The 2015 mega-fires that raged across the forests and peatlands of Sumatra were the worst in the history of Indonesia, spreading smoke and haze throughout Southeast Asia. In that same year, APRIL (Asia Pacific Resources International) Group, the second-largest pulp and paper company in Indonesia and one of the largest in the world, was experiencing positive results from its Fire Free Village Program pilot: a community-based program to eliminate the use of fire in village communities surrounding APRIL’s operations.


The Fire Free Village Program (FFVP) program, piloted in 2014 and formally launched in 2015, is a community engagement program that aims to understand the root causes of forest fires and implement sustainable ways to reduce or eliminate them in the communities neighboring the company’s forestry operations and beyond.


By 2018, the program had expanded to include 77 village communities in Riau Province, Sumatra.

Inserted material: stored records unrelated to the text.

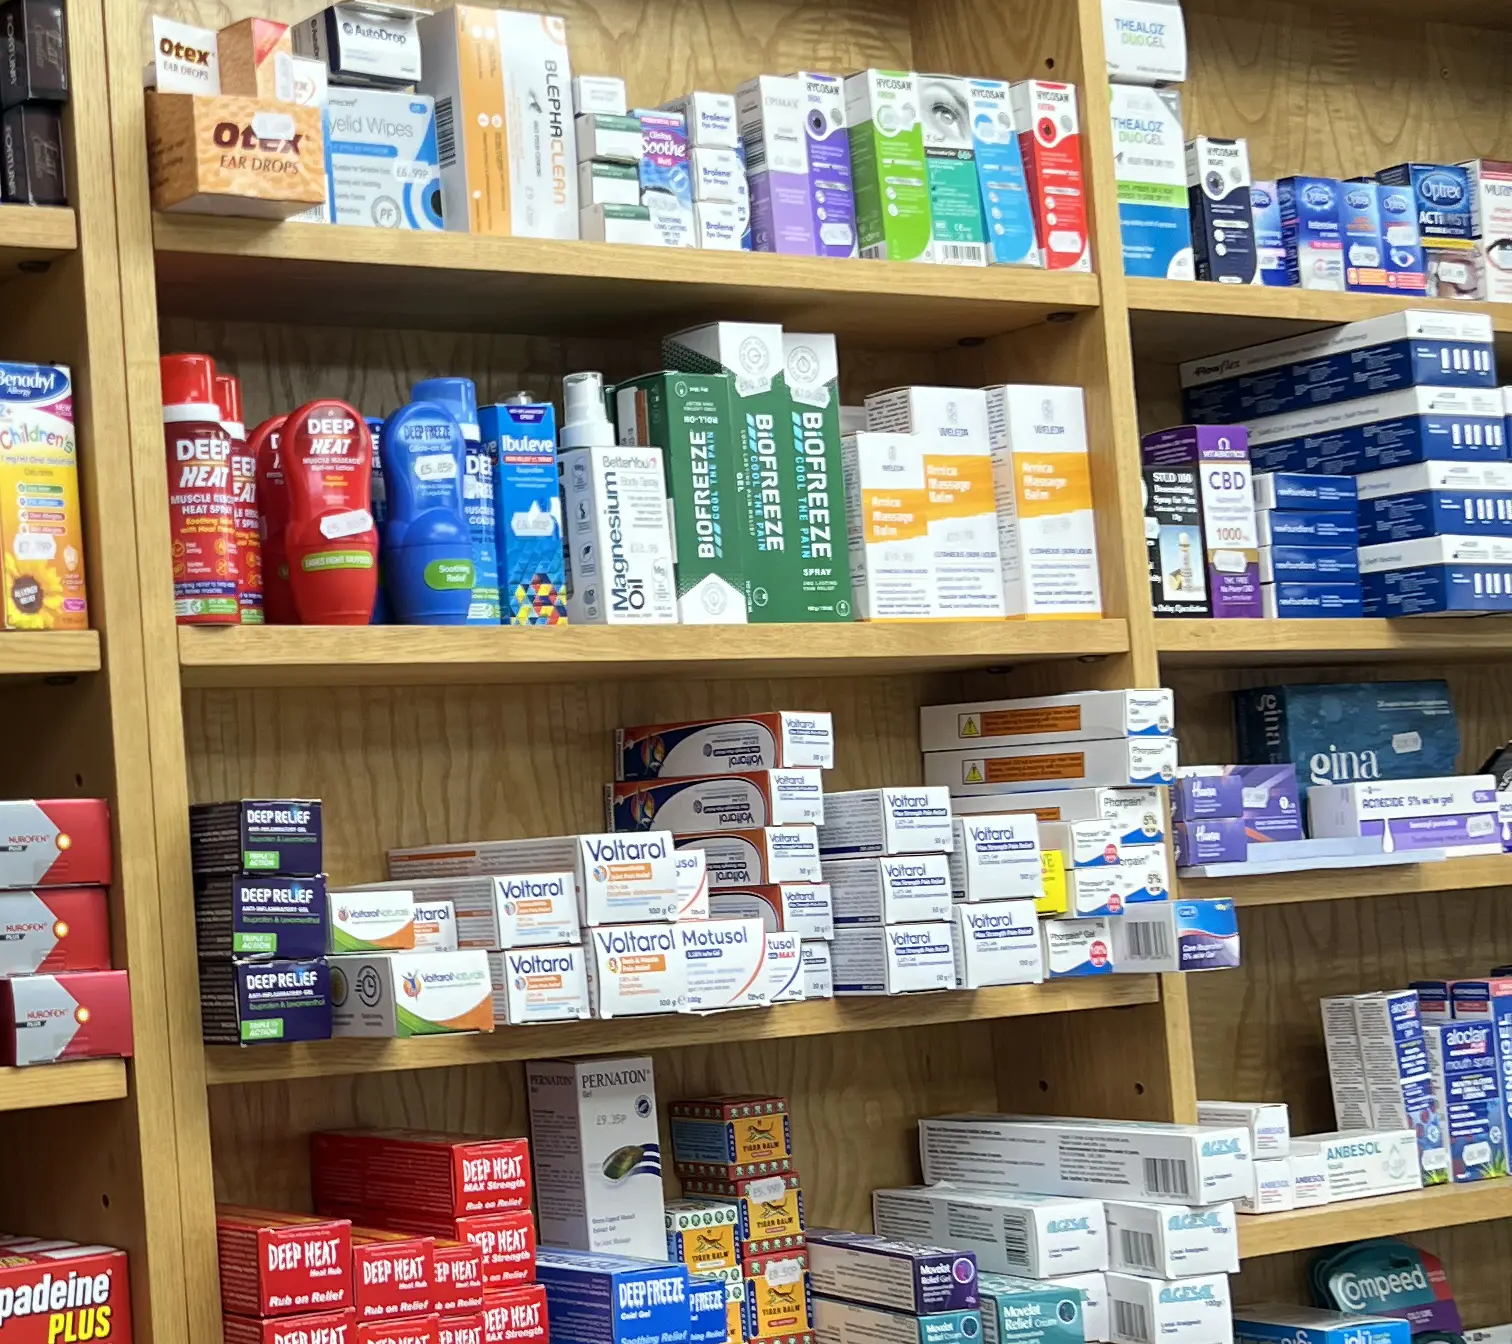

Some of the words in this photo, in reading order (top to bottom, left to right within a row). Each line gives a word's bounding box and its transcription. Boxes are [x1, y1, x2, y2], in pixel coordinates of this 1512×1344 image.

[355, 24, 407, 45] AutoDrop
[544, 59, 568, 206] BLEPHACLEAN
[219, 154, 247, 170] EAR
[250, 157, 299, 176] DROPS
[307, 418, 354, 434] DEEP
[0, 425, 74, 452] Children's
[310, 438, 352, 455] HEAT
[502, 435, 554, 453] Ibuleve
[1209, 471, 1245, 490] CBD
[609, 471, 629, 611] Magnesium
[1310, 745, 1381, 785] gina
[969, 826, 1014, 841] Voltarol
[967, 912, 1013, 928] Voltarol
[598, 928, 676, 954] Voltarol
[681, 926, 748, 946] Motusol
[510, 954, 574, 974] Voltarol
[246, 972, 277, 990] DEEP
[277, 970, 317, 987] RELIEF
[581, 1069, 646, 1089] PERNATON
[1327, 1141, 1381, 1160] ANBESOL
[1339, 1264, 1427, 1310] Compeed
[47, 1306, 112, 1344] PLUS
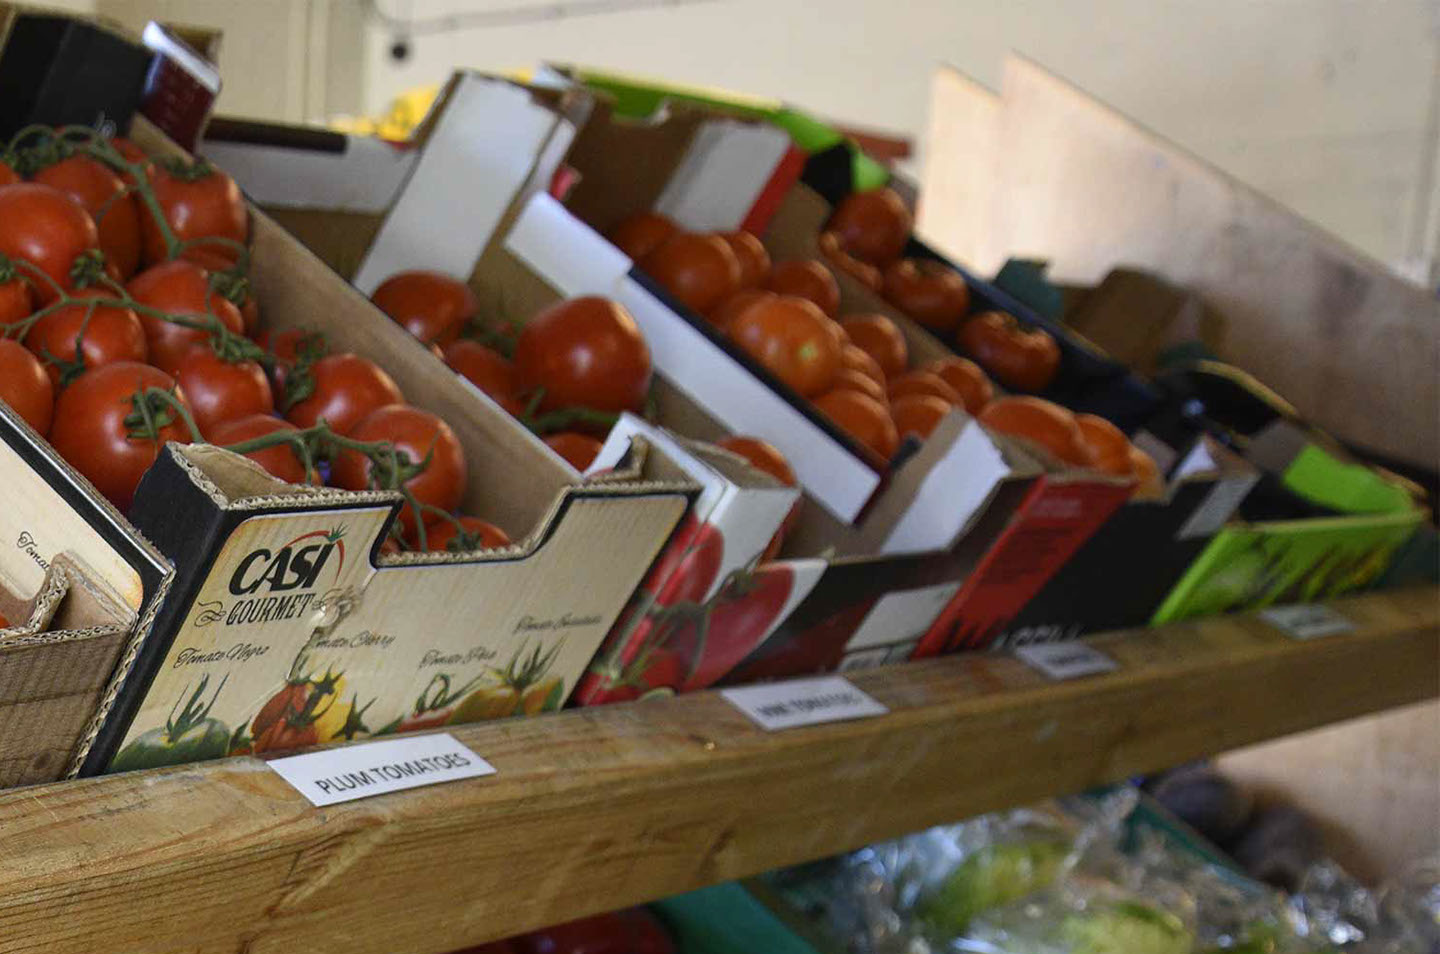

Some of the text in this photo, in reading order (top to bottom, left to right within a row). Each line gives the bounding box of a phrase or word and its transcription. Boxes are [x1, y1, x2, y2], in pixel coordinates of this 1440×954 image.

[228, 543, 336, 596] CASI
[225, 593, 317, 626] GOURMET
[315, 752, 472, 795] PLUM TOMATOES

Results were immediately positive. Four out of the nine villages participating in the pilot program achieved a fire-free record. Two villages had less than 2 hectares of area impacted by fire during the program period, while three villages still had more than 2 hectares impacted by fire. Overall, within two years of the program, the nine villages were able to reduce fires in their respective areas by 95% (Tribolet, 2020).

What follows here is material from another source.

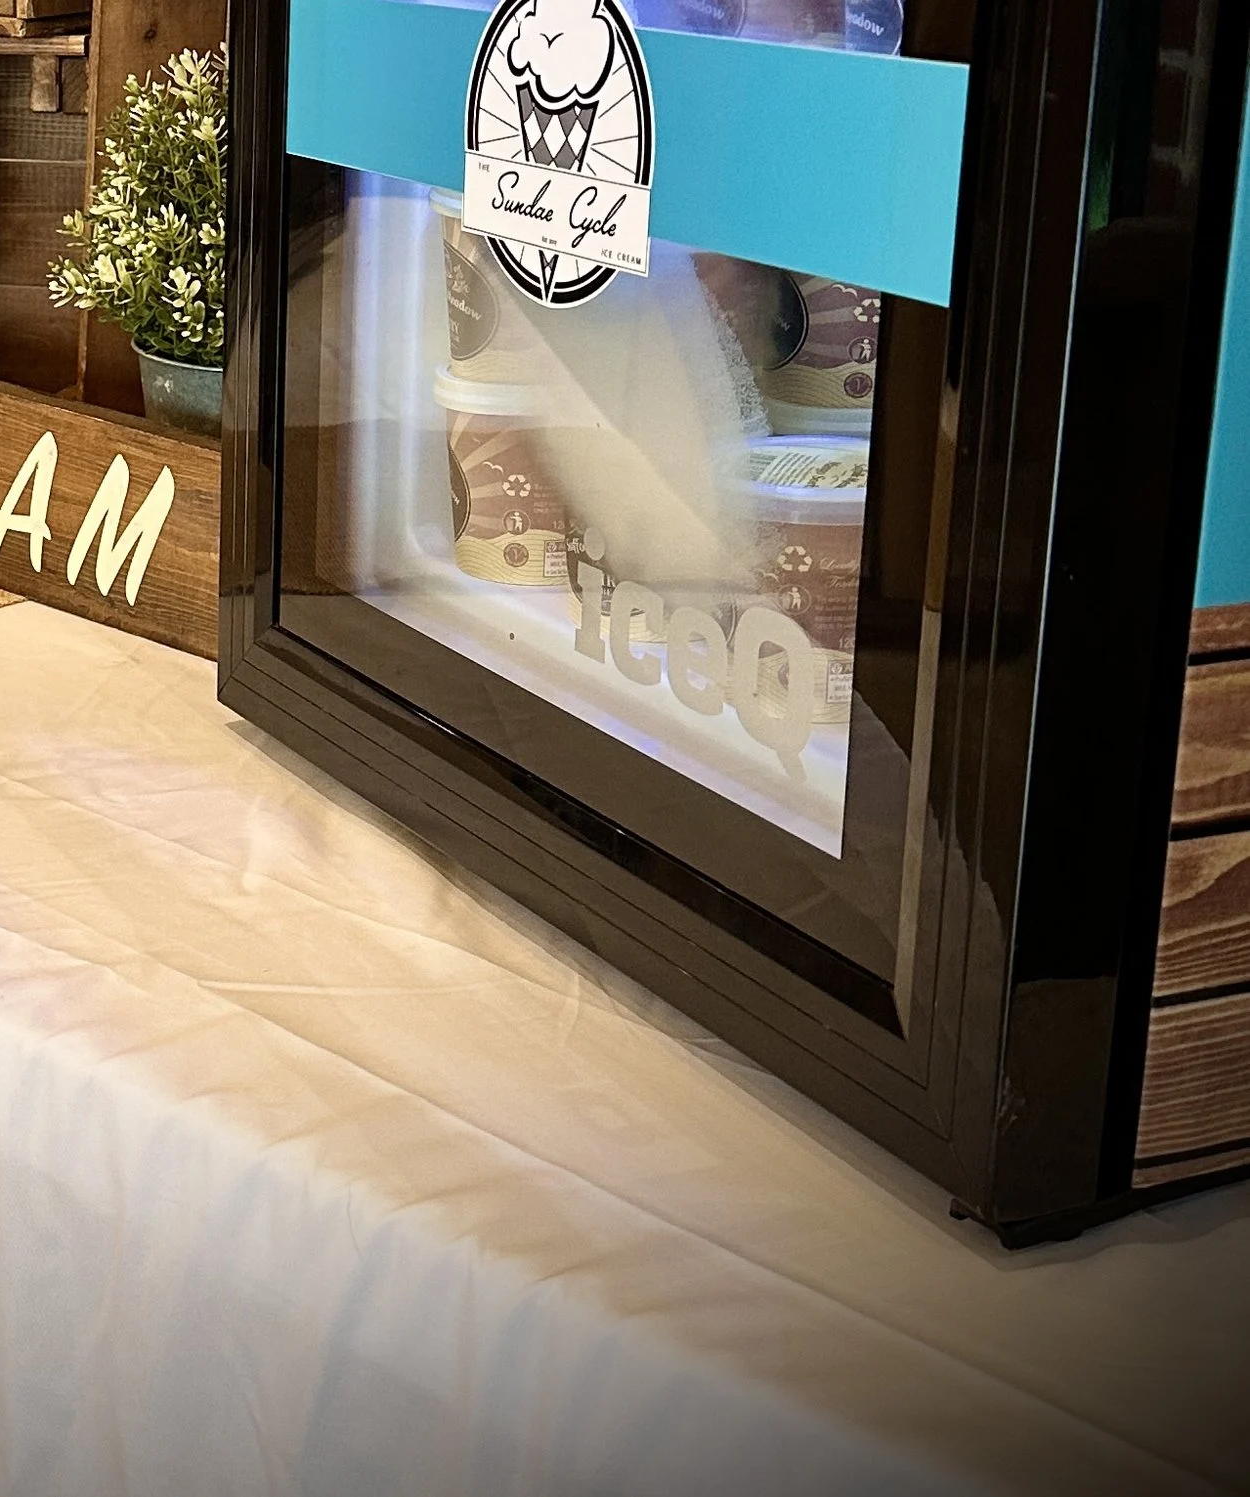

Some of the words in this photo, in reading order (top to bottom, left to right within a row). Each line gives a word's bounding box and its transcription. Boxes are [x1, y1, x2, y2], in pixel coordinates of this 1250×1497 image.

[491, 170, 555, 222] Sundae
[568, 185, 628, 249] Cycle
[616, 252, 642, 266] CREAM
[573, 528, 815, 783] iceQ

Shortly afterwards, in 2016, the Fire Free Alliance (FFA) was formed, a voluntary multi-stakeholder group including forestry and agriculture companies and civil society organisations set up to address the persistent issue of fire and smoke haze arising from the burning of land in Indonesia. While fires and smoke haze have declined in intensity in recent years through government-led national fire prevention efforts, the Indonesian government was determined to find a permanent solution to the annual recurring fires. The FFVP and the FFA support the government’s fire prevention efforts in Sumatra and right across Indonesia.